The thing about this closing is that he’s saying the right things, the presidential things, and as a man who has long believed in magic words he will no doubt be frustrated when him having said all of the right words and none of the words he was told he couldn’t, it doesn’t shut his critics up.

But these would be the right words for a president to say at this moment in our history. They’re not the right words for Donald J. Trump, the man who invited people to DC and then sent them to the capitol filled with stories about elites stealing their votes, to say.

What Trump’s speech didn’t say was “I’m sorry” or “I take full responsibility.” What he didn’t do is admit his complicity, even framed as a mistake.

This speech is by far the most artificial and unconvincing thing about Donald Trump’s presidency to date, even in comparison to his spray tan or his aggressively sculpted combover hairstyle. Watching it, it’s obvious he doesn’t mean it, but even if he meant every word, some of them are lies and they still reflect the man who said “I take no responsibility.”

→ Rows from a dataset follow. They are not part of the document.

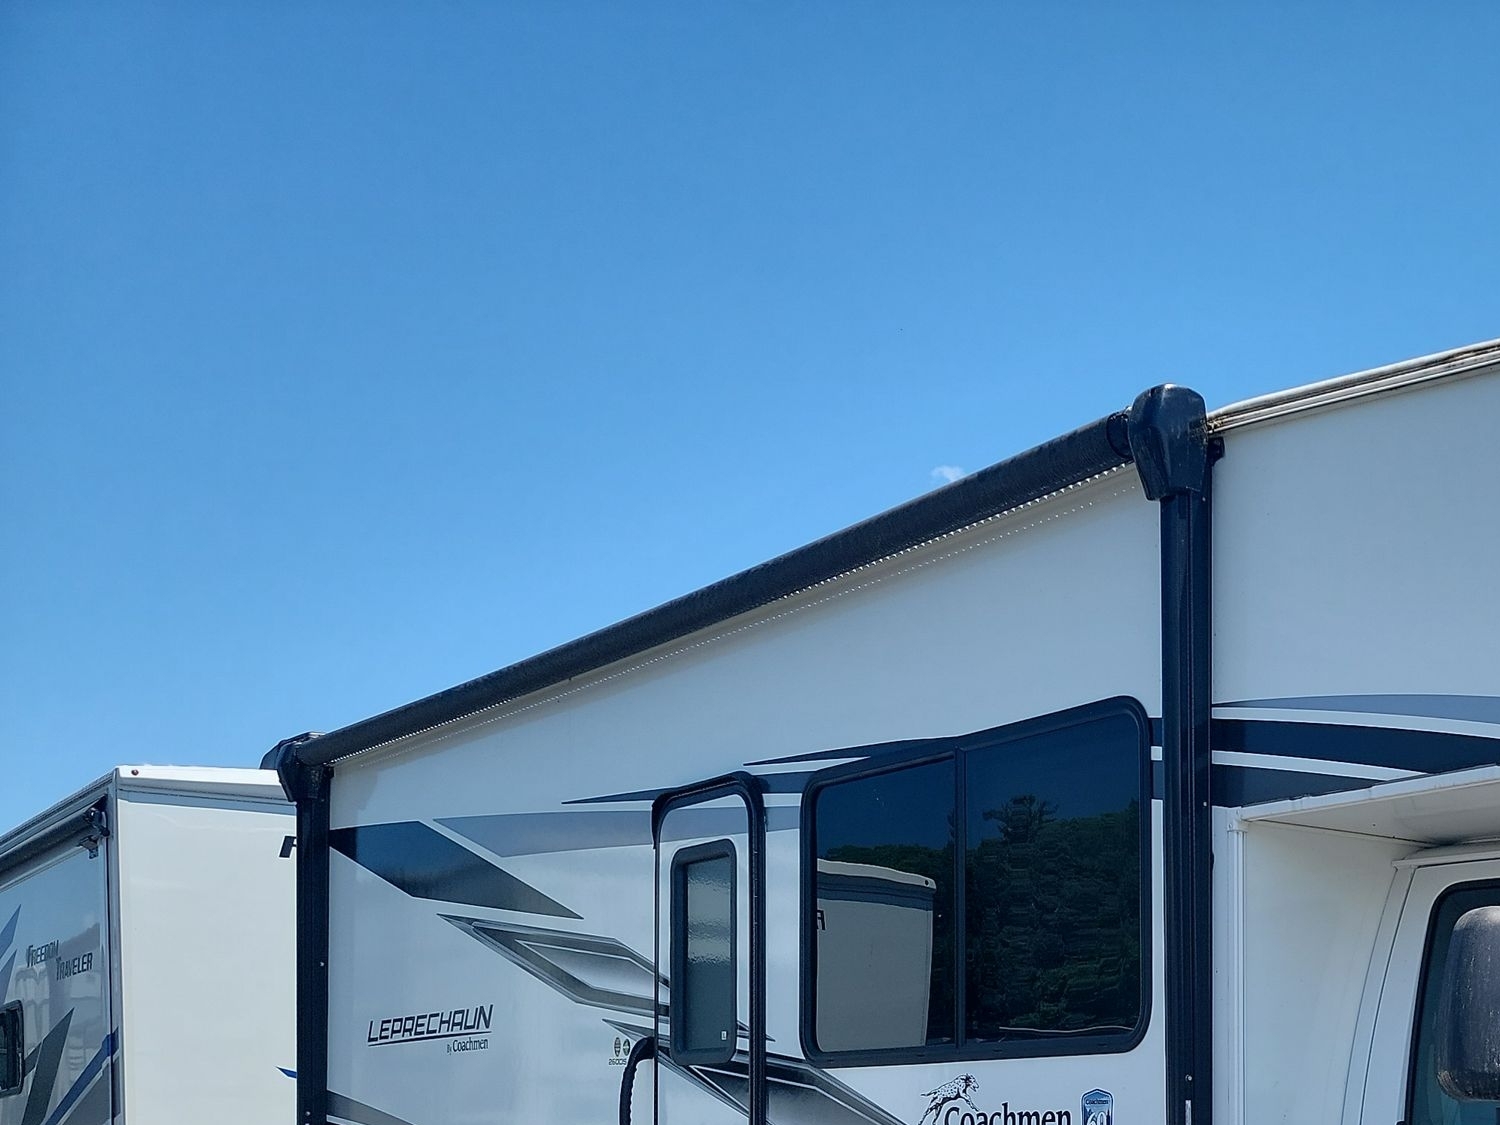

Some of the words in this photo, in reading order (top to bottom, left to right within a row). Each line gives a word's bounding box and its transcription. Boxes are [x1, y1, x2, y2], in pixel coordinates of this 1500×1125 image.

[26, 940, 59, 968] FREEDOM
[56, 952, 93, 981] TRAVELER
[367, 1004, 494, 1043] LEPRECHAUN
[452, 1037, 489, 1053] Coachmen
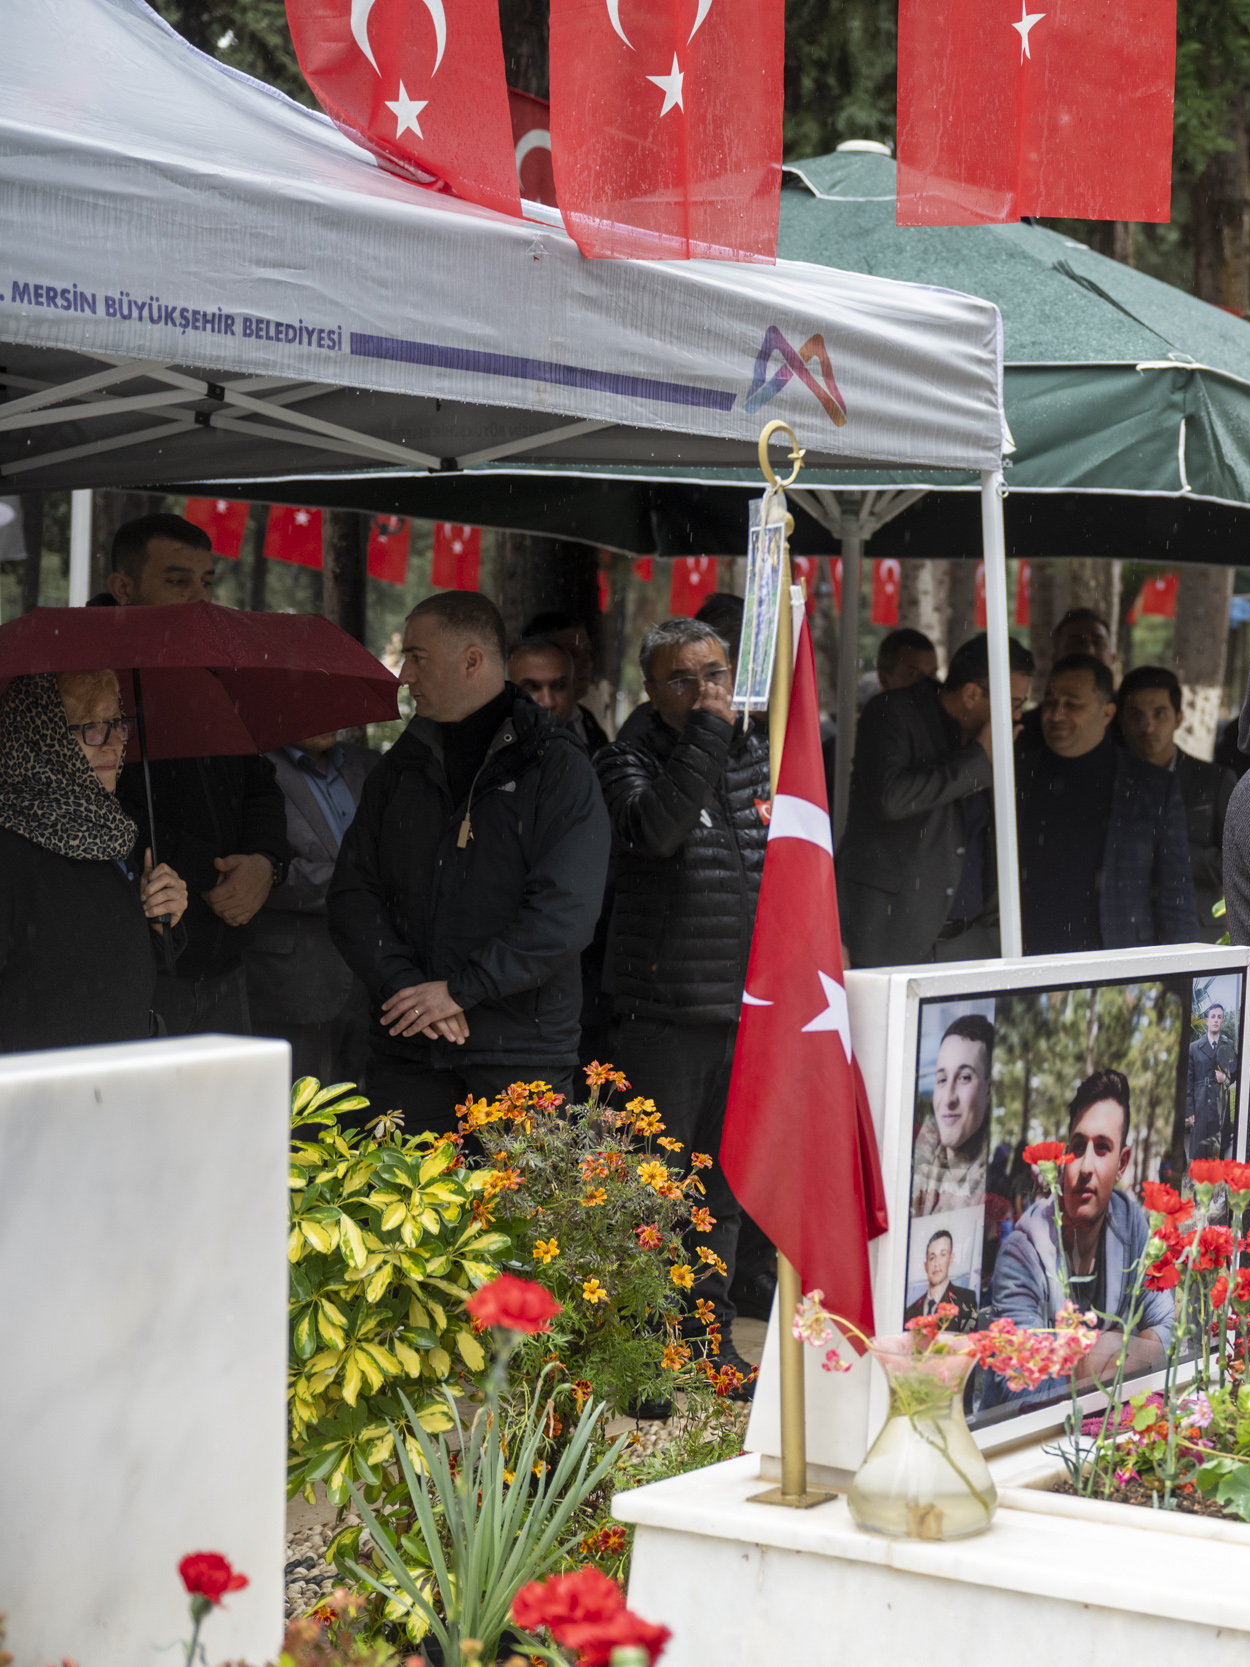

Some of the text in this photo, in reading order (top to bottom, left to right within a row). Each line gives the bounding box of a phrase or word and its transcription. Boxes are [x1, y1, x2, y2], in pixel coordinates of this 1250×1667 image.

Well, that’s not entirely true, I guess. He did take responsibility for the National Guard. He just doesn’t deserve it.

Essentially, this speech was a display of Trump on his best behavior with the emphasis on display. It along with his continued silence on Twitter are an attempt to show not just that he’s willing to play ball for the next two weeks to avoid impeachment or further consequences but that he’s able to in the first place.

As Trump speeches go: it’s not overtly inflammatory, it contains very few outright lies, it directly attacks no one, it’s not rambling or discursive and contains little private jargon, and above all, it’s short. That last point alone might elevate it to the top tier of speeches he’s ever given.

But in abdicating responsibility for what he’s done and taking credit for things he actually obstructed, this speech reveals what a sham Trump’s current posture is. This is Trump’s best self, the best version of himself, and it is as hollow and phony as his sham of a business empire is.

If Congress and the national commentariat allow themselves to be mollified by this facile, manipulative, and manipulated display and mistake his willingness to be solemn and serious for an act of contrition, then he will once again learn the lesson that he can do whatever he wants without consequences, and have no reason to not only repeat his sickening attack on democracy but to go bigger with it, since now he knows the first way didn’t work.